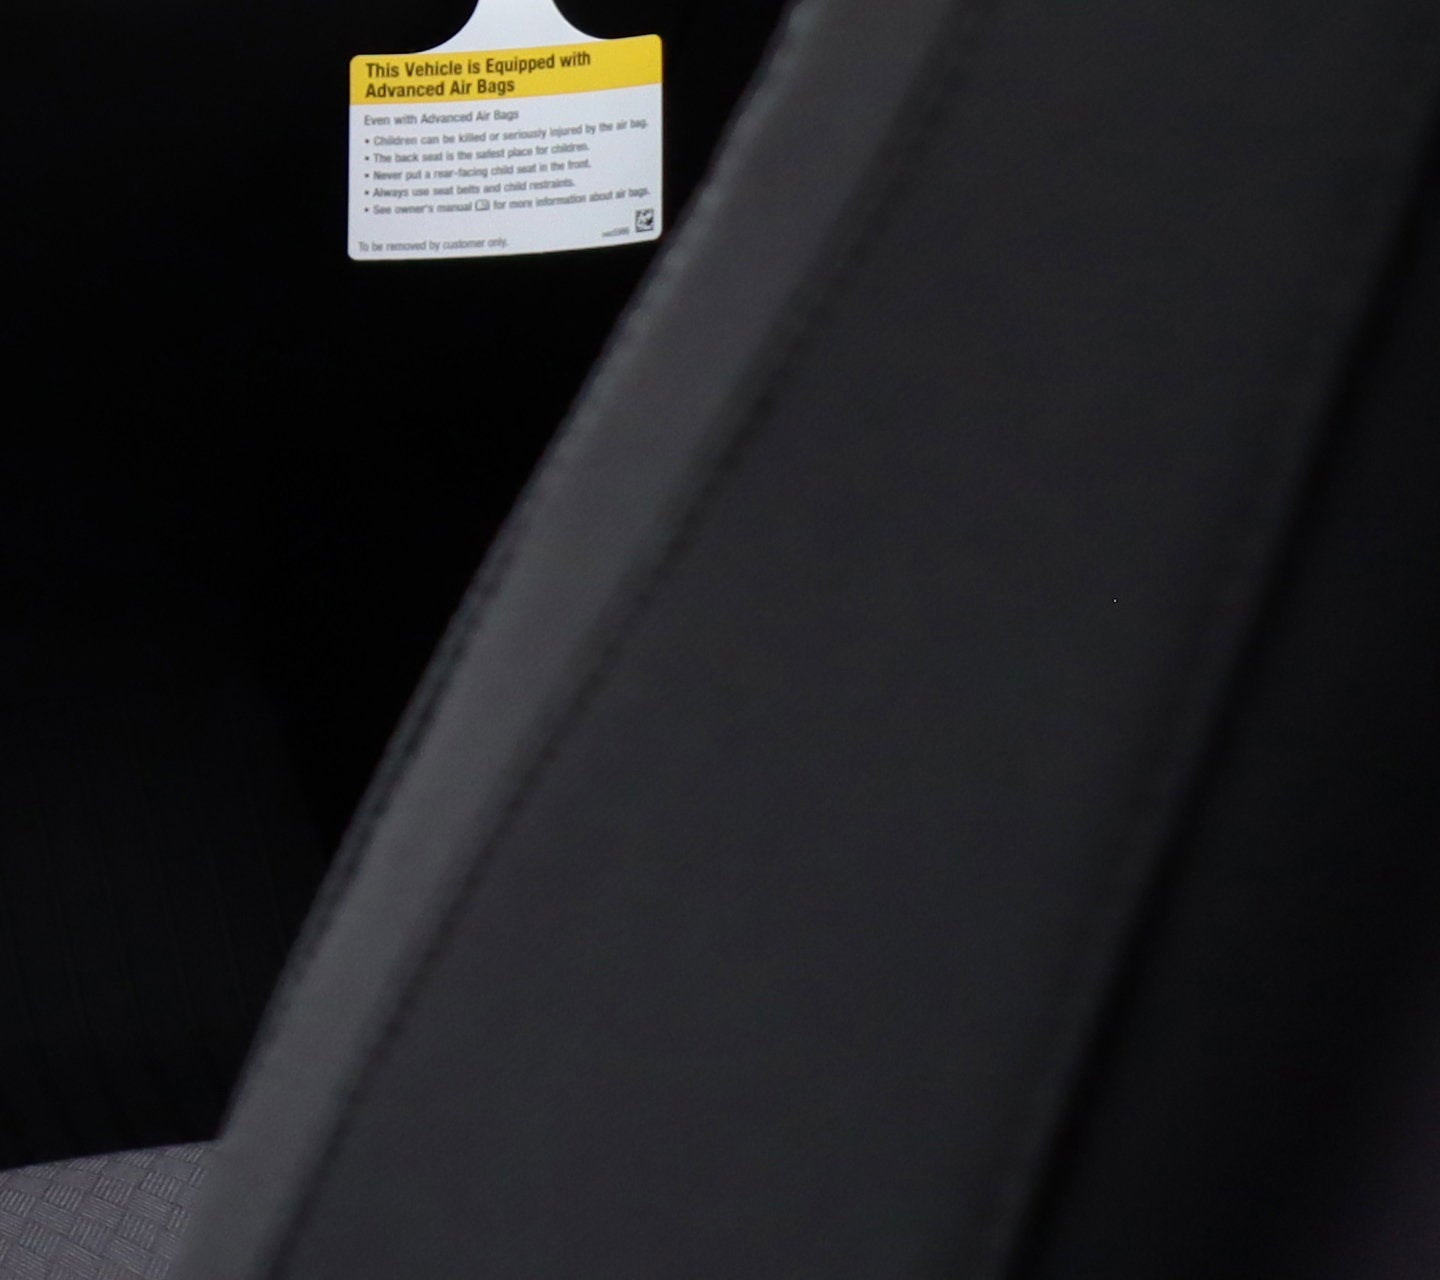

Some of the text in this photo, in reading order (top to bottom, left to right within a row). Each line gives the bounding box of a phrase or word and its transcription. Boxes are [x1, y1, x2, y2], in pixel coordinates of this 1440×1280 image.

[365, 51, 590, 78] This Vehicle is Equipped with
[364, 78, 514, 97] Advanced Air Bags
[363, 109, 519, 126] Even with Advanced Air Bags
[373, 118, 648, 146] Children can be killed or seriously injured by the air bag.
[373, 142, 589, 163] The back seat is the safest place for children.
[373, 158, 591, 181] Never put a rear-facing child seat in the front.
[373, 178, 574, 198] Always use seat belts and child restraints.
[373, 187, 650, 215] See owner's manual for more information about air bags.
[357, 237, 507, 252] To be removed by customer only.
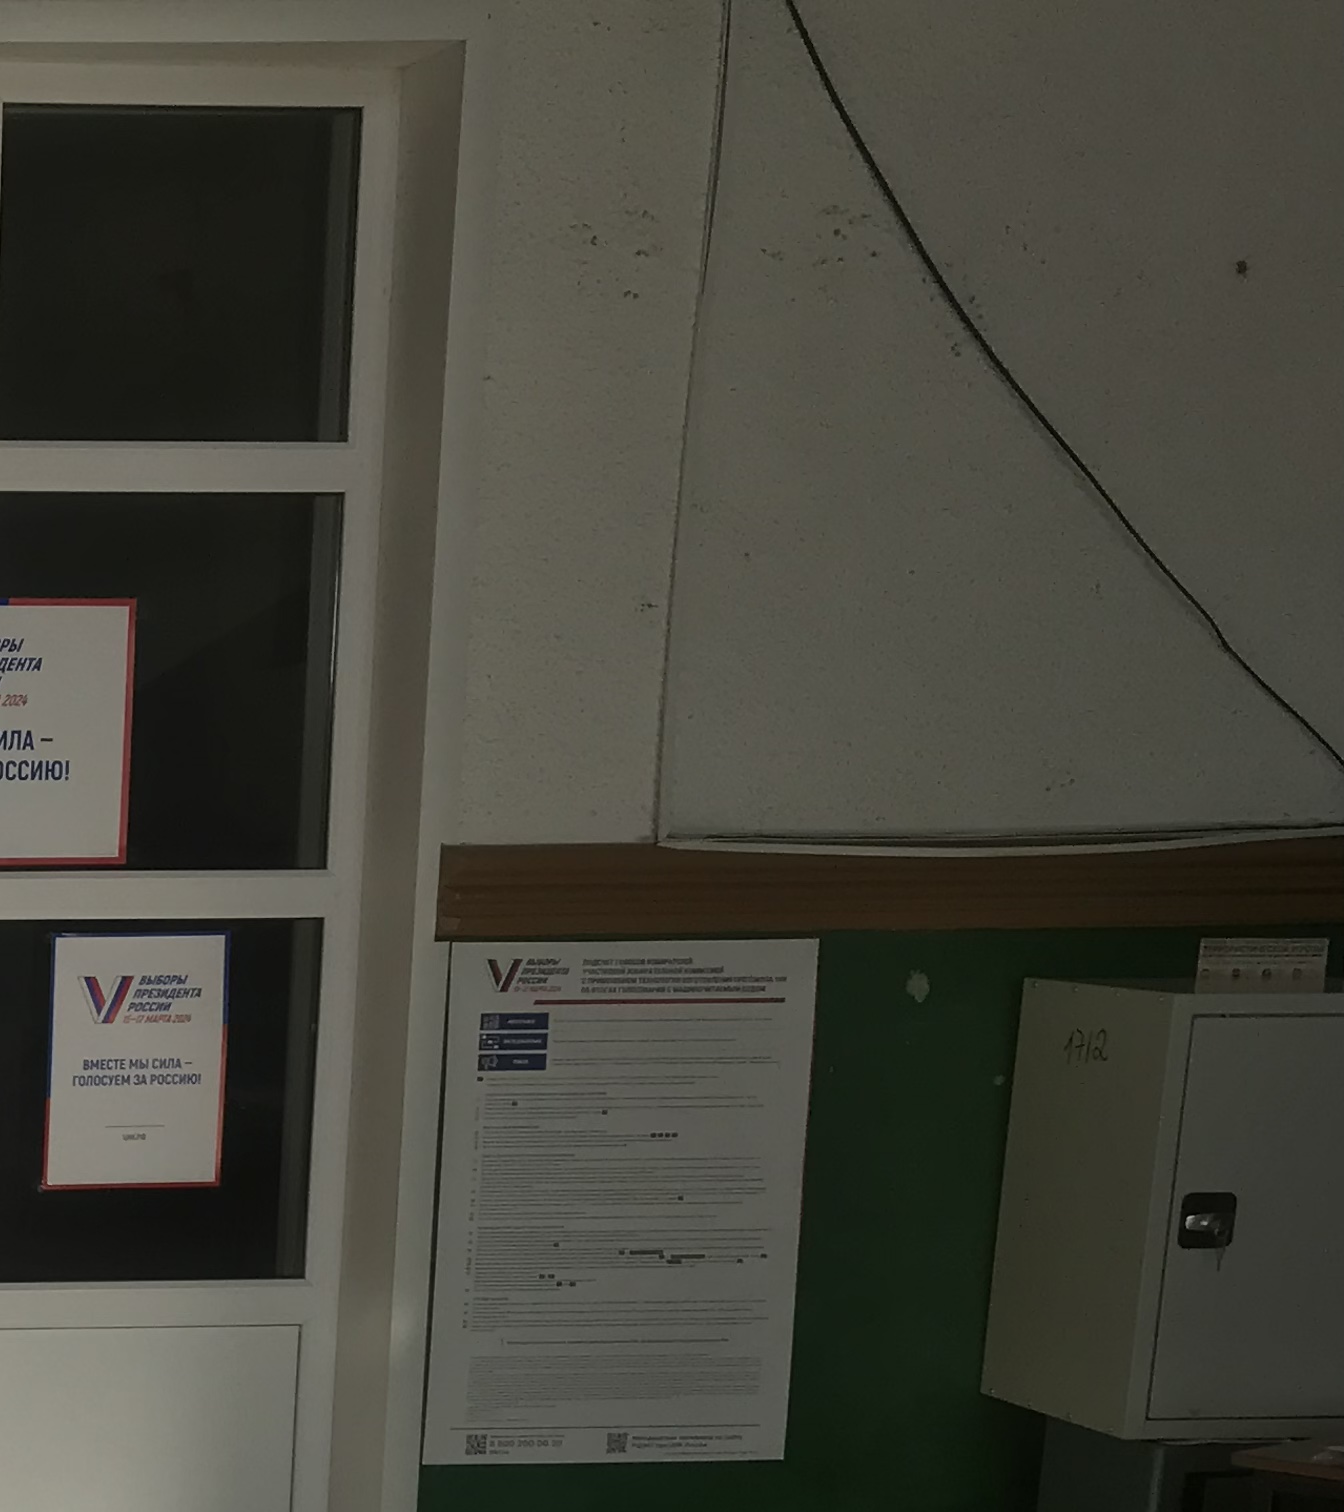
***
:: Problem statement ::
Please output all of the entries exactly as they appear, with no pictures.

:: Worked solution ::
Some of the text in this photo, in reading order (top to bottom, left to right within a row). Each line gives the bounding box of a phrase or word and its transcription. Boxes are [x1, y1, x2, y2], in pixel coordinates of this 1440×1280 image.

[365, 51, 590, 78] This Vehicle is Equipped with
[364, 78, 514, 97] Advanced Air Bags
[363, 109, 519, 126] Even with Advanced Air Bags
[373, 118, 648, 146] Children can be killed or seriously injured by the air bag.
[373, 142, 589, 163] The back seat is the safest place for children.
[373, 158, 591, 181] Never put a rear-facing child seat in the front.
[373, 178, 574, 198] Always use seat belts and child restraints.
[373, 187, 650, 215] See owner's manual for more information about air bags.
[357, 237, 507, 252] To be removed by customer only.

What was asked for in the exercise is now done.